BAKERSFIELD, Calif. (KGET) — Sex workers tend to start early — dreadfully early. Sometimes even pre-teen early. But 13- and 14-year-olds are in no position to make decisions that will affect them for the rest of their lives, and exploiters, who prefer to refer to themselves as “boyfriends,” are usually more than willing to help girls make that premature and ill-advised career choice.

Sometimes those girls end up on the street: The Blade, they call it, in Bakersfield as well as in other cities. The Blade, in Bakersfield, is Union Avenue between 1st and 11th streets, west over to V Street. It’s a tough way to do business, loitering on sidewalks and reporting back to a handler lurking in a car on a sidestreet.

Which is why some exploiters – pimps, sugar daddies, whatever – use a two-pronged approach.

One, according to Kern County District Attorney Cynthia Zimmer, is the street. Two, she said, is social media.

“In the old days, when I first started in the early 1980s, it was undercover operations on Union Avenue,” she said. “Prostitute stings and john stings. But now that prostitution has moved online, most of it anyway, we have to take a very different approach. And our focus is on the traffickers and on the predators who exploit children.” 

Including, most often, minor teens.

“Especially the girls that are in high school — those are big targets for traffickers,” said Janae Knallay, sex trafficking specialist in the Kern County District Attorney’s office. 

“Oftentimes they run away from their homes and are picked up almost immediately by the traffickers,” Knallay said. “And once they’re picked up by the traffickers, it’s the grooming process, the manipulation process begins by the trafficker, which leads to eventual coercion by the victim — so much to the point where I don’t think I’ve ever seen a self-reported H-T victim, like going to the police and saying, ‘Hey, I’m a victim.’”

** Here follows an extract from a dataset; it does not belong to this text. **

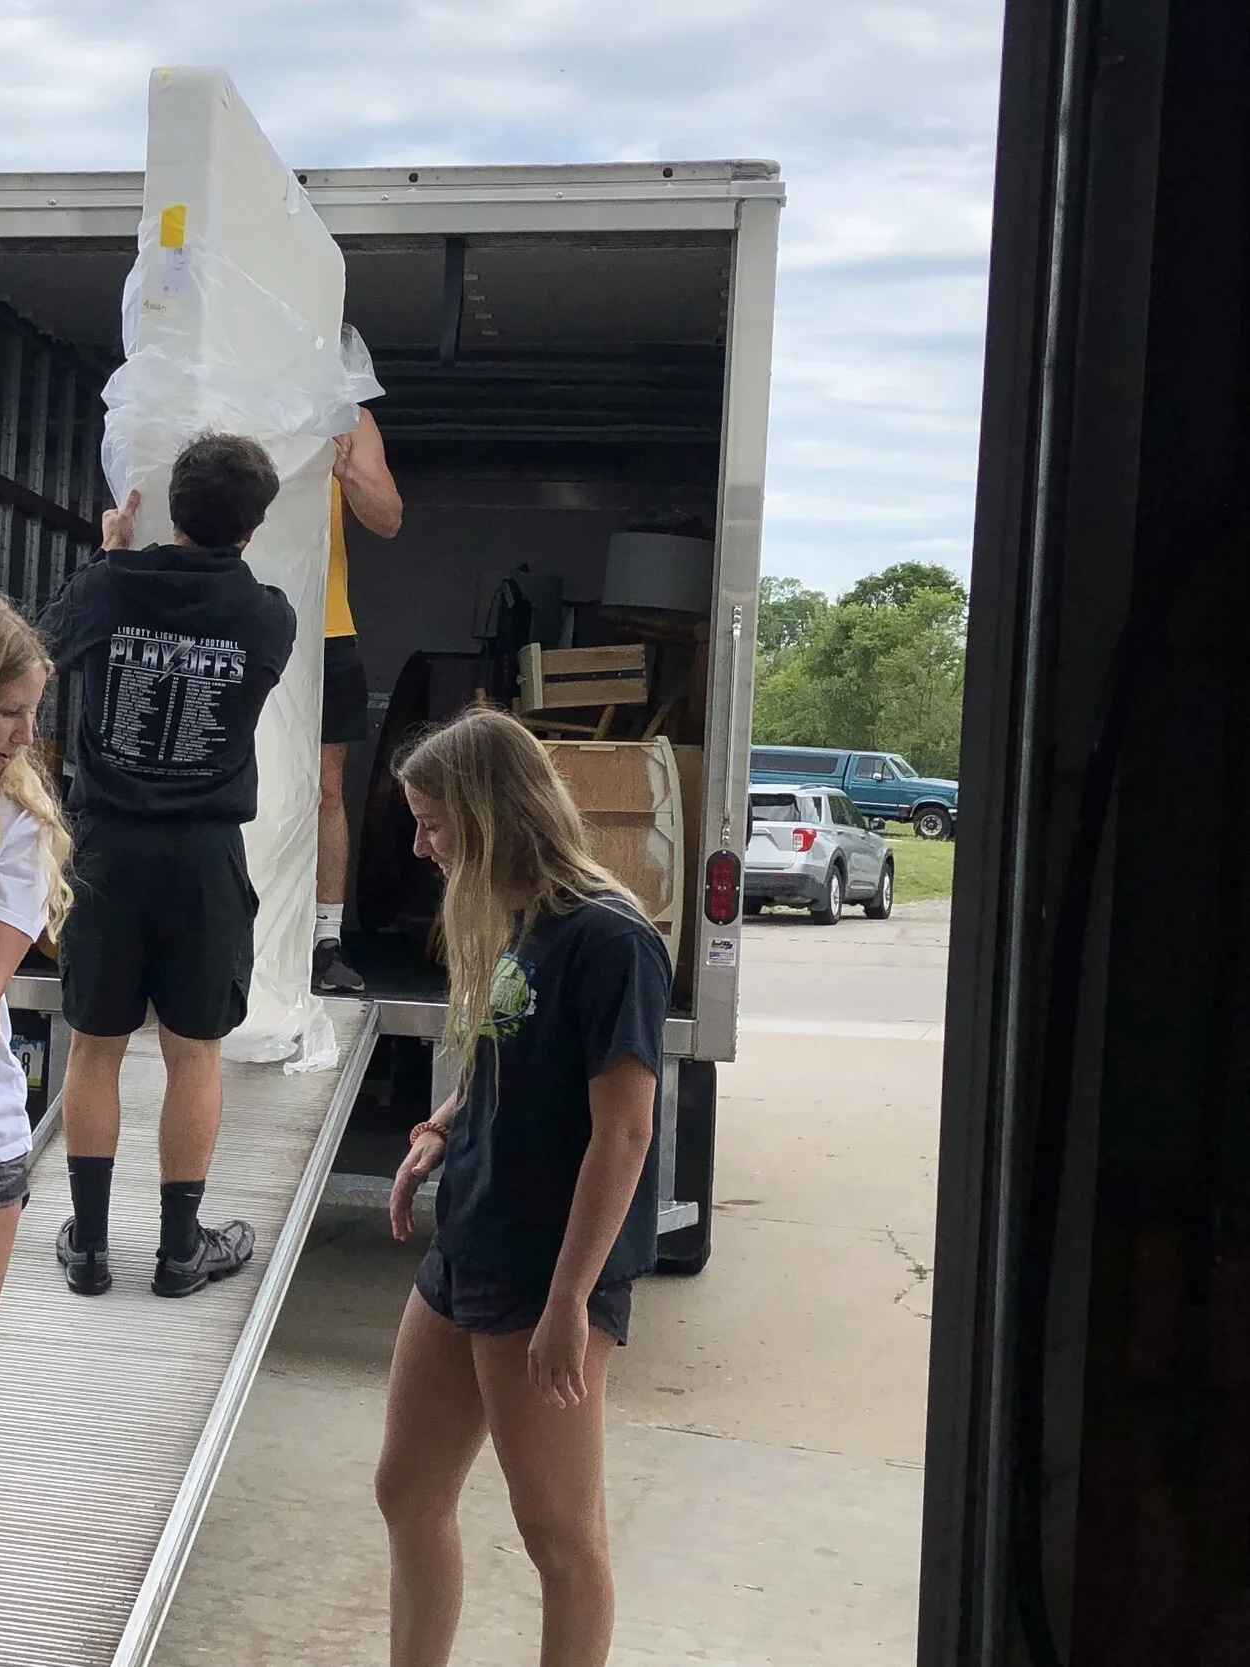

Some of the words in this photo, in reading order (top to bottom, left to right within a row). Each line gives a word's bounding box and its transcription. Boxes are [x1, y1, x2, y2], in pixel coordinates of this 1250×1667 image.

The modern trafficker’s tools? Instagram, Snapchat, TikTok, Facebook — free, easily accessible social media websites.

“Another trend we’re seeing,” Knallay said, “is that traffickers are luring young males via online video games.”

The DA’s office typically prosecutes people after a crime has been committed and, in most cases, the damage inflicted. 

But how does society, how do families, prevent sex crimes from happening in the first place? By being families. If girls don’t get loving guidance at home, they look for it elsewhere. Pimps plucked from the street often explain it like this.

“‘They didn’t have a father so they pay me to be their father.’ And so traffickers know the vulnerability of these victims, and that’s how they exploit them,” Knallay said.

Arrests for pimping and pandering have jumped in the last year to more than 40 countywide in 2023, a substantial increase from just three years ago when the pandemic flushed the streets clean. In addition, the DA has convicted more than dozen individuals for sex trafficking this year. Now Zimmer is taking her message straight to the kids, preparing a series of student body assemblies at middle schools in the Bakersfield City School District.

Schools are important in this fight, these prosecutors say, but it starts with families.

The number one way people can minimize human trafficking? Pay attention to the kids. Family dinners are a good start.